At the image forming portion Pb as an example of color toner image forming means, a yellow toner image is formed on a photosensitive drum 1b and then is primary-transferred onto the intermediary transfer belt 7. At the image forming portion Pc, a magenta toner image is formed on a photosensitive drum 1c and then is primary-transferred superposedly onto the yellow toner image on the intermediary transfer belt 7. At the image forming portions Pd and Pe, a cyan toner image and a black toner image are formed on a photosensitive drum 1d and a photosensitive drum 1e, respectively and then are successively primary-transferred superposedly onto the intermediary transfer belt 7.


The image forming portion Pa as an example of a transparent toner image forming means is used in an image mode using the transparent toner image. At the image forming portion Pa, a clear (transparent) toner image is formed on a photosensitive drum 1a and then is primary-transferred onto the intermediary transfer belt 7 as a lowermost layer.


The fine color toner images in total (including the transparent toner image) are conveyed to a secondary transfer portion T2 by rotation of the intermediary transfer belt 7 and are collectively secondary-transferred onto a recording material P. That is, the recording material P picked up from a recording material cassette 47 is separated one by one and fed to registration rollers 48, by which the recording material P is sent to the secondary transfer portion T2 while being timed to the toner images on the intermediary transfer belt 7.


The recording material P on which the fine color toner images in total are secondary-transferred are curvature-separated from the intermediary transfer belt 7 on a downstream side of the secondary transfer portion T2 with respect to a recording material conveyance direction and is conveyed into a fixing device 9. The recording material P is heated and pressed in the fixing device 9 to fix thereon the toner images, so that the recording material P is discharged outside the image forming apparatus.


The image forming portions Pa, Pb, Pc, Pd and Pe are substantially constituted similarly except that the colors of two component develops used in developing devices 4a, 4b, 4c, 4d and 4e are different from each other. In the following description, the yellow image forming portion Pb will be described and with respect to other image forming portions Pa, Pc, Pd and Pe, the suffix b added for representing constituent members or means with respect to the yellow image forming portion Pb is read as a, c, d and e.

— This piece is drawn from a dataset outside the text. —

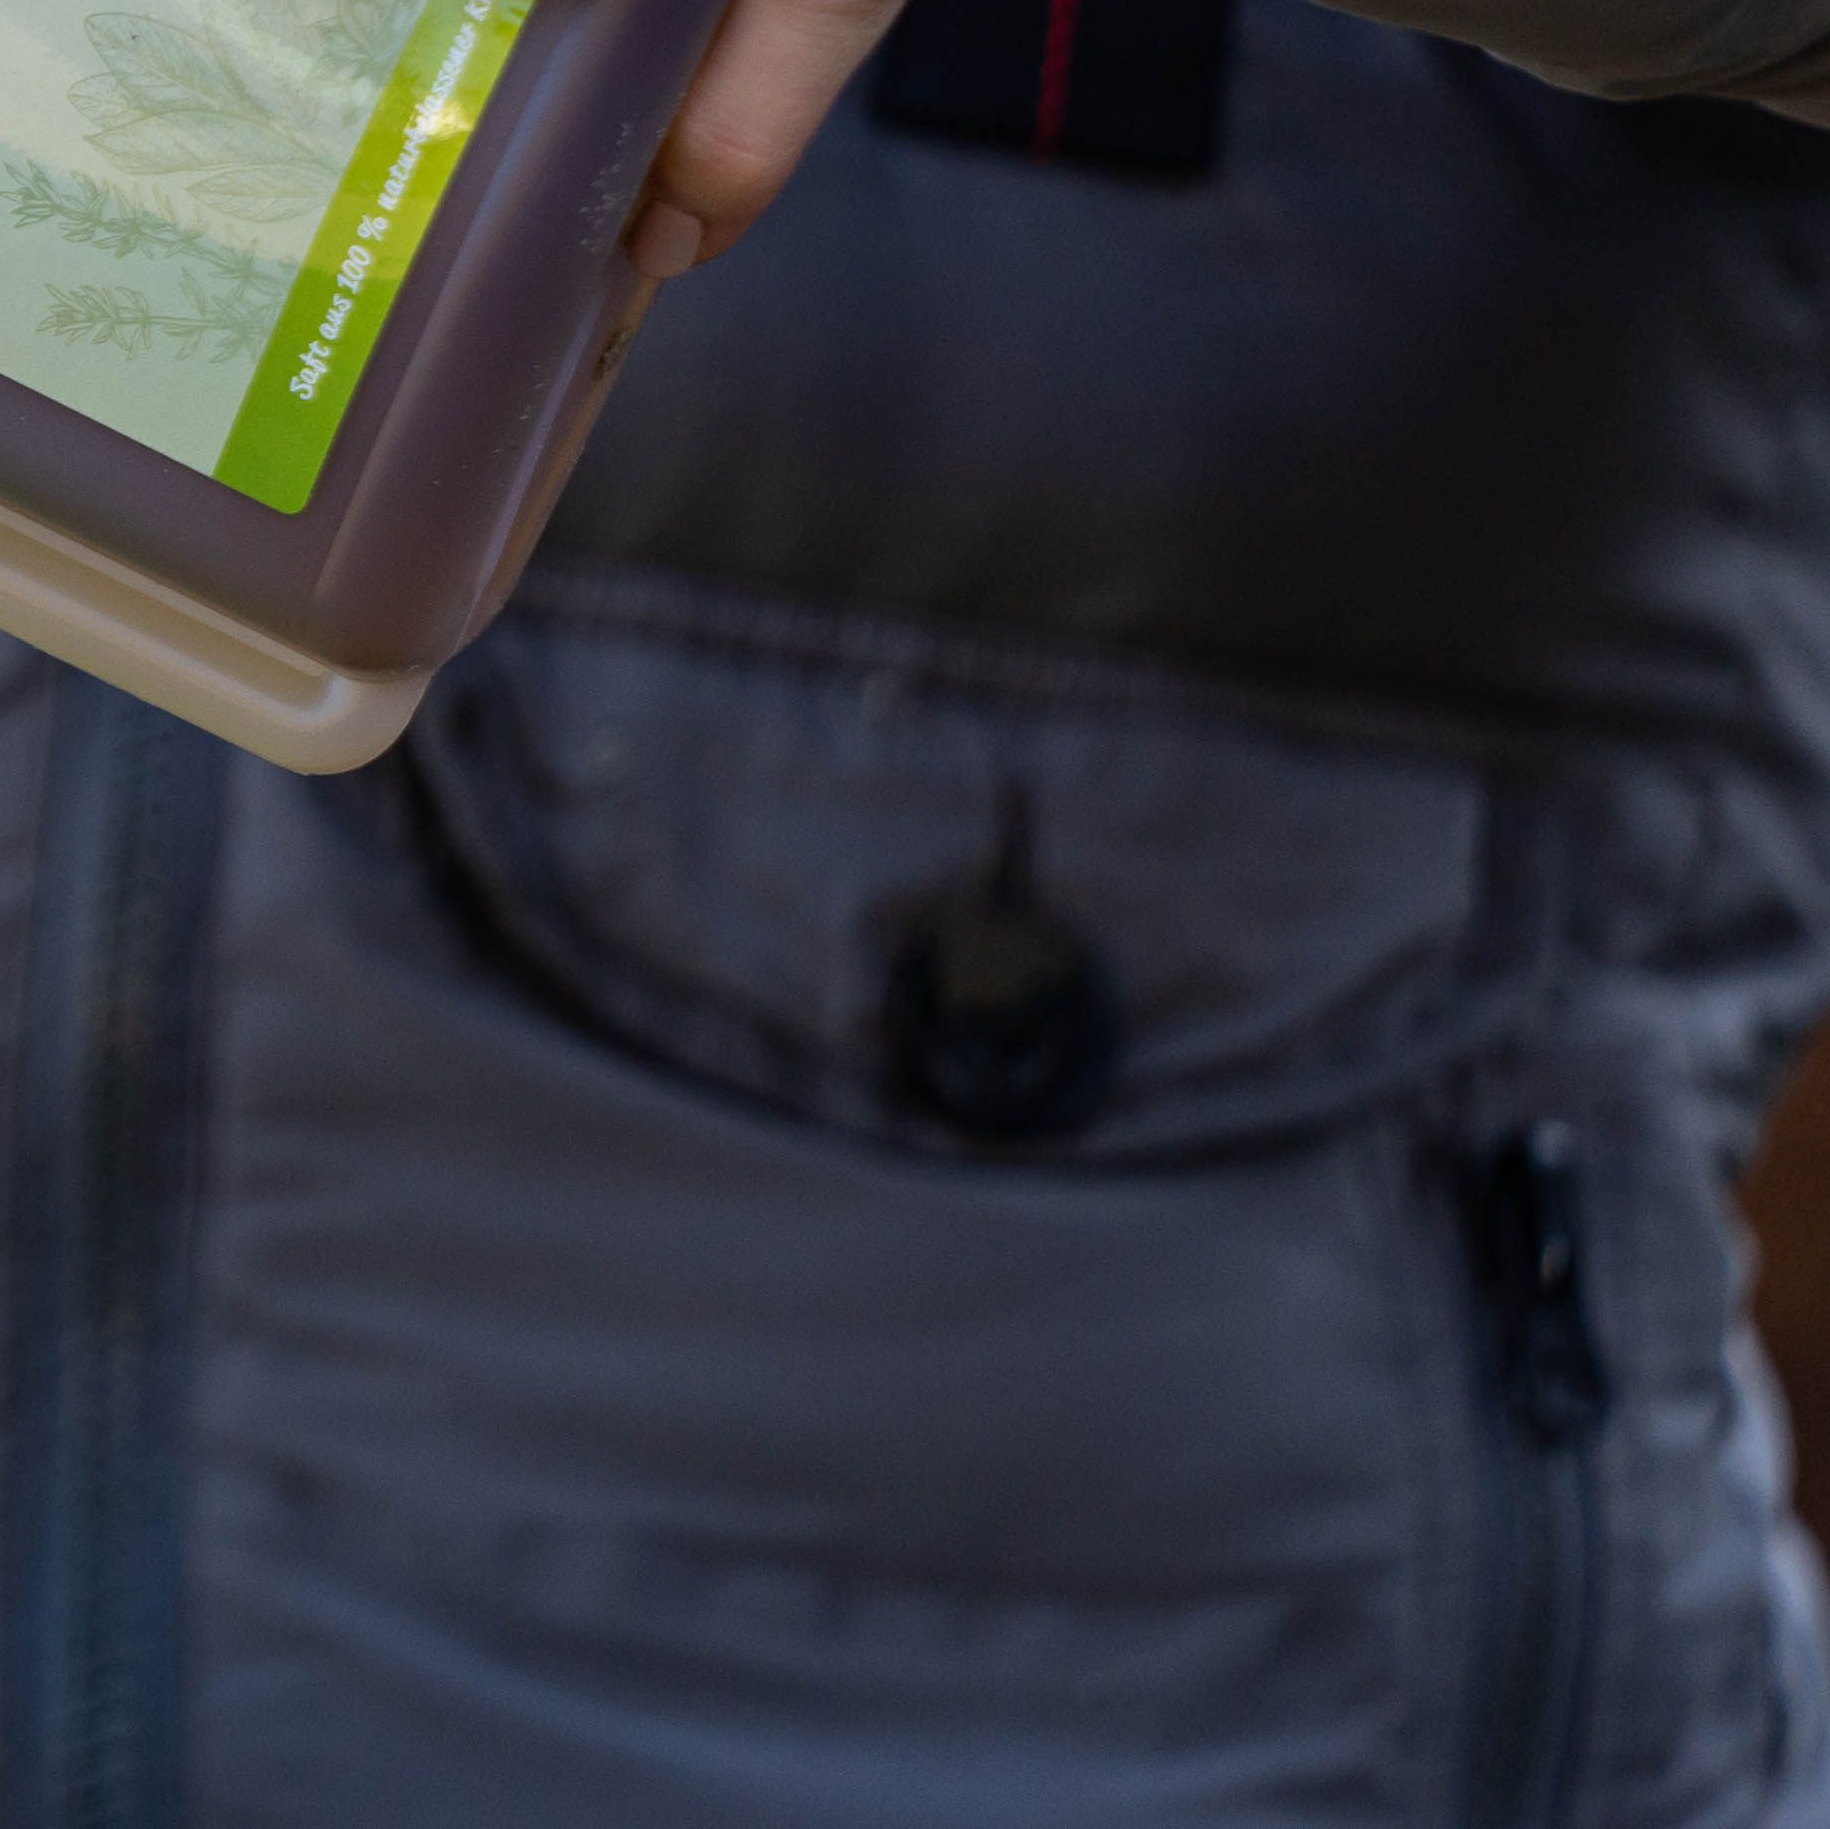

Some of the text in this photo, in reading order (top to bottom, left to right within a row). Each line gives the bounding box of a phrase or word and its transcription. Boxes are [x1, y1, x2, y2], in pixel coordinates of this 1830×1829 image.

[289, 341, 331, 400] Saft
[319, 294, 352, 340] aus
[337, 245, 372, 293] 100
[357, 215, 389, 241] %

As shown in FIG. 2, the image forming portion Pb includes the photosensitive drum 1b as an example of a photosensitive member and includes, around the photosensitive drum 1b, a charging roller 2b, an exposure device 3b, a developing device 4b, a primary transfer roller 6b, a cleaning device 5b, and a discharging exposure device 46b.


The photosensitive drum 1b is prepared by forming a negatively chargeable photosensitive layer on an outer surface of an aluminum cylinder and is rotated in a direction indicated by an arrow R1 at a predetermined process speed. The charging roller 2b is supplied with an oscillating voltage in the form of a DC voltage biased with an AC voltage, from a power source D3, thus uniformly charging the surface of the photosensitive drum 1b to a negative dark portion potential VD. The exposure device 3b writes an electrostatic latent image for an image on the surface of the photosensitive drum 1b by scanning the surface of the photosensitive drum 1b with a laser beam obtained by subjecting scanning line image data expanded from a yellow separated color image to ON-OFF modulation.

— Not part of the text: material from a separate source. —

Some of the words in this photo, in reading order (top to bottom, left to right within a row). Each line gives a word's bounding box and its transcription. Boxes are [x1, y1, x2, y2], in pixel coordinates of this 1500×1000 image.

The developing device 4b includes a developer container 40 in which a two component developer containing yellow non-magnetic toner and a magnetic carrier in mixture is contained in a predetermined amount. The two component developer in the developer container 40 is triboelectrically charged so that the magnetic carrier is positively charged and the non-magnetic toner is negatively charged during a circulating process in the developing container 40 in which the developer is conveyed in opposite directions perpendicular to the drawing surface by conveying screws 43 and 44. The two component developer is carried on a developing sleeve 41 rotating around a fixed magnet 42 and rubs against the photosensitive drum 1b in an erected chain state. A power source D4 applies an oscillating voltage in the form of a negative DC voltage Vdc biased with an AC voltage to the developing sleeve 41. As a result, the toner carried on the developing sleeve 41 is transferred onto an exposed portion of the photosensitive drum 1b which is positive relative to the dark portion, so that the electrostatic image is reversely developed.


The primary transfer roller 6b urges an inner surface of the intermediary transfer belt 7 to form a primary transfer portion Tb between the photosensitive drum 1b and the intermediary transfer belt 7. By applying a positive DC voltage from a power source D1 to the primary transfer roller 6b, the negative toner image carried on the photosensitive drum 1b is primary-transferred onto the intermediary transfer belt 7 passing through the primary transfer portion Tb.


The cleaning device 5b removes transfer residual toner, which has passed through the primary transfer portion Tb without being primary-transferred, by rubbing the photosensitive drum 1b with a cleaning blade 45.


(Image Density Control)

Image density adjustment of the color toner image is performed by forming a patch image under a predetermined image forming condition individually at the image forming portions Pb, Pc, Pd and Pe, primary-transferring the patch image onto the intermediary transfer belt 7, and then detecting the density of the patch image by a reflected light amount sensor 110.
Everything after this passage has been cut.